May 7, 2020 - Economy & Business

Coronavirus could do long-term environmental harm by reducing green investments

Reproduced from Moody's, with April data from Refinitiv; Chart: Axios Visuals
Reproduced from Moody's, with April data from Refinitiv; Chart: Axios Visuals

In the short term, the coronavirus pandemic is reducing global emissions and helping clear out smog around the world, but it may end up doing more damage to the environment in the long term.

The big picture: The pandemic is helping reduce the use of fossil fuels, but it is decreasing investments in things like wind and solar power and financial assets like green bonds, says Jessica Ground, global head of stewardship at Schroders.

  • "Those longer-term issues that we need finance to solve like climate change haven’t gone away and they’re still going to be here whenever we emerge from lockdown."

Driving the news: In April, total issuance of ESG bonds — green, sustainability, and social bonds — increased by 272% year over year and was double the total from March, reaching $48.5 billion, according to data from Morgan Stanley.

  • And for the first time ever, monthly sustainability bond issuance ($19.4 billion) eclipsed green bond issuance ($16.8 billion).

What it means: ESG bonds are specifically earmarked to raise money for positive social outcomes or climate and environmental projects.

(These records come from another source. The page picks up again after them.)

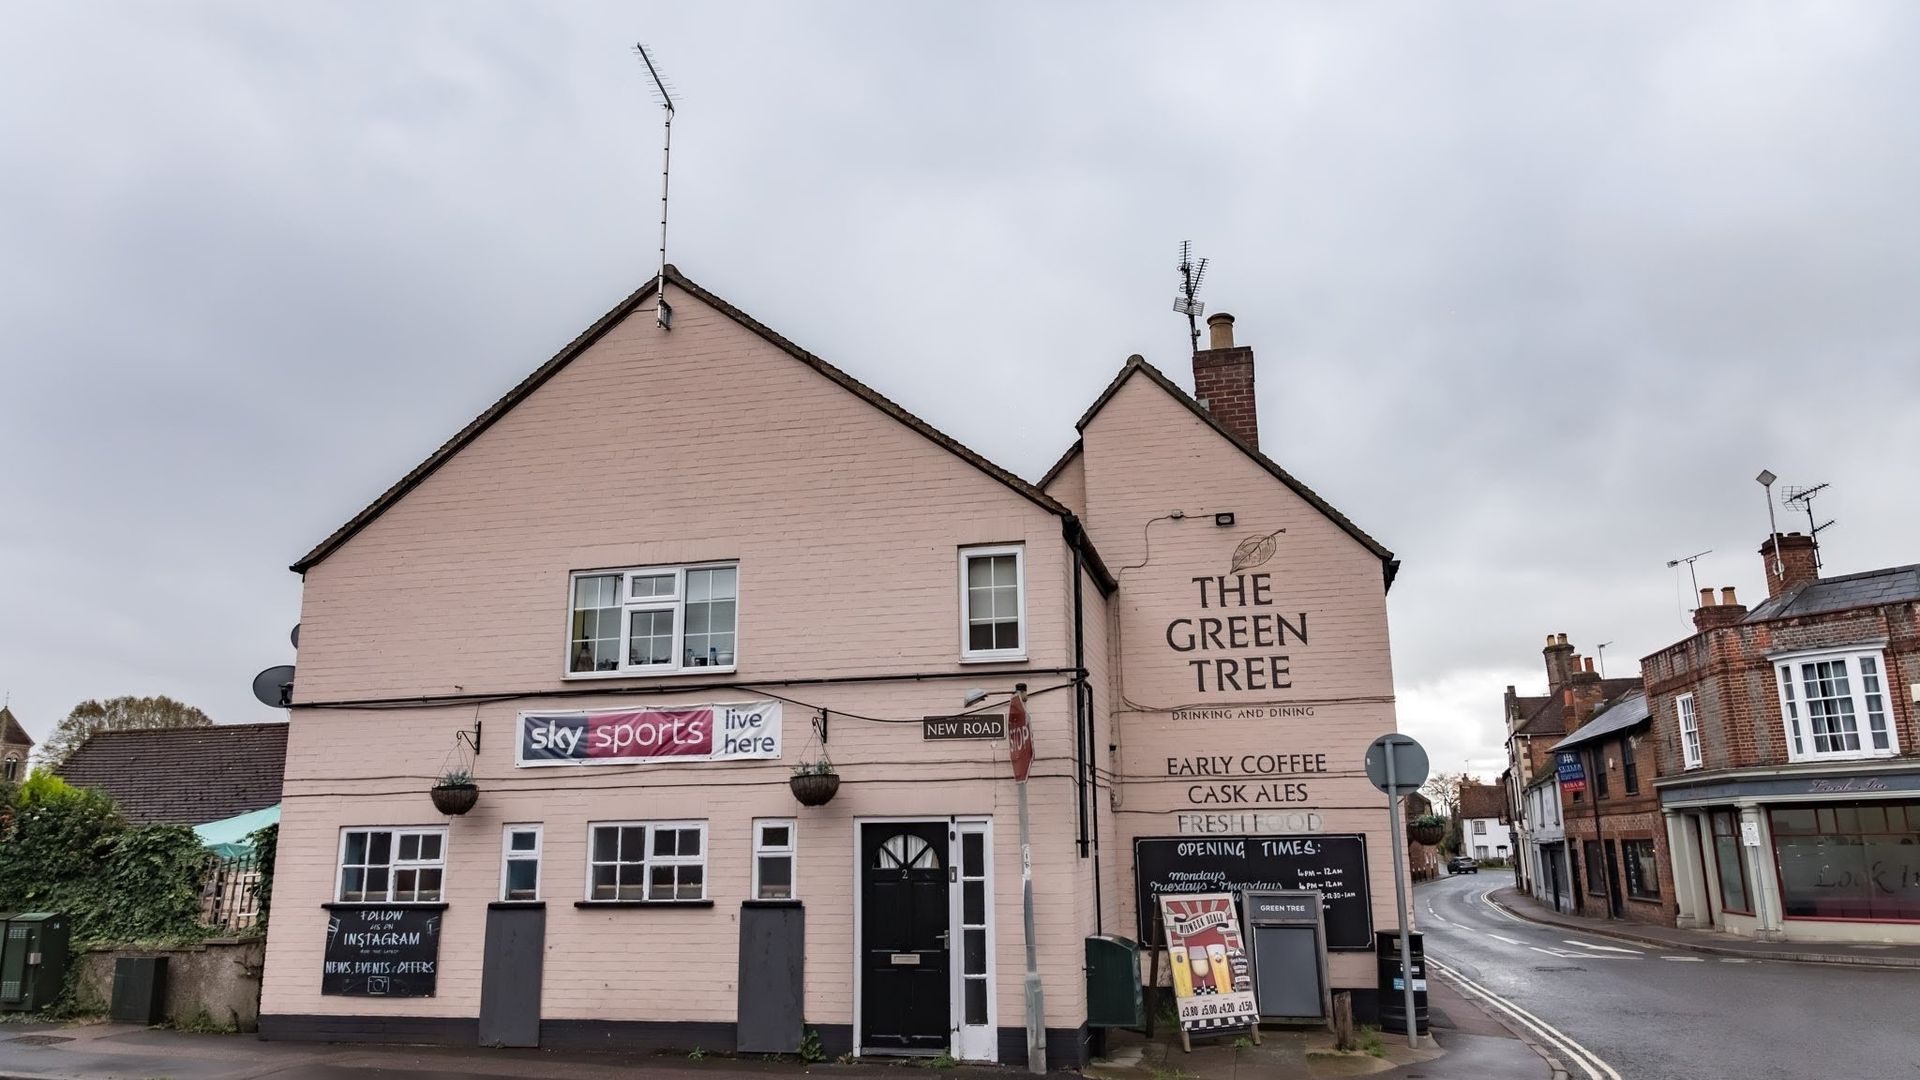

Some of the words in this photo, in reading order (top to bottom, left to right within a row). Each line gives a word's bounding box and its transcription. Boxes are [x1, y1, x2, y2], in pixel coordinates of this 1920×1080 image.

[1192, 573, 1273, 609] THE
[1166, 612, 1308, 652] GREEN
[1188, 655, 1292, 692] TREE
[725, 709, 762, 730] live
[1172, 709, 1233, 721] DRINKING
[1237, 708, 1264, 718] AND
[1269, 706, 1315, 717] DINING
[531, 719, 584, 755] sky
[595, 717, 704, 753] sports
[927, 723, 958, 736] NEW
[963, 721, 1002, 735] ROAD
[724, 733, 775, 754] here
[1009, 725, 1029, 753] STOP
[1167, 756, 1233, 775] EARLY
[1240, 753, 1327, 774] COFFEE
[1188, 785, 1248, 804] CASK
[1255, 783, 1308, 803] ALES
[1177, 814, 1245, 833] FRESH
[1177, 841, 1246, 859] OPENING
[1261, 840, 1321, 858] TIMES:
[902, 869, 908, 879] 2
[1168, 870, 1226, 883] Mondays
[1323, 867, 1343, 875] 12AM
[1150, 881, 1208, 893] Tuesdays
[361, 910, 404, 921] FOLLOW
[344, 932, 420, 948] INSTAGRAM
[355, 961, 391, 974] EVENTS
[397, 961, 435, 974] OFFERS

Yes, but: 76% of the total ESG issuance in April came from multilateral development banks, with the majority supporting COVID-19 relief efforts, Moody's found in a recent analysis.

  • The pandemic also is pushing more companies to issue new debt to fortify their balance sheets, crowding out green bonds and other environmentally focused financial instruments.

Where it stands: Total global sustainable bond issuance fell 32% in the first quarter from Q4 2019, and green bond volumes declined 49%, per Moody's.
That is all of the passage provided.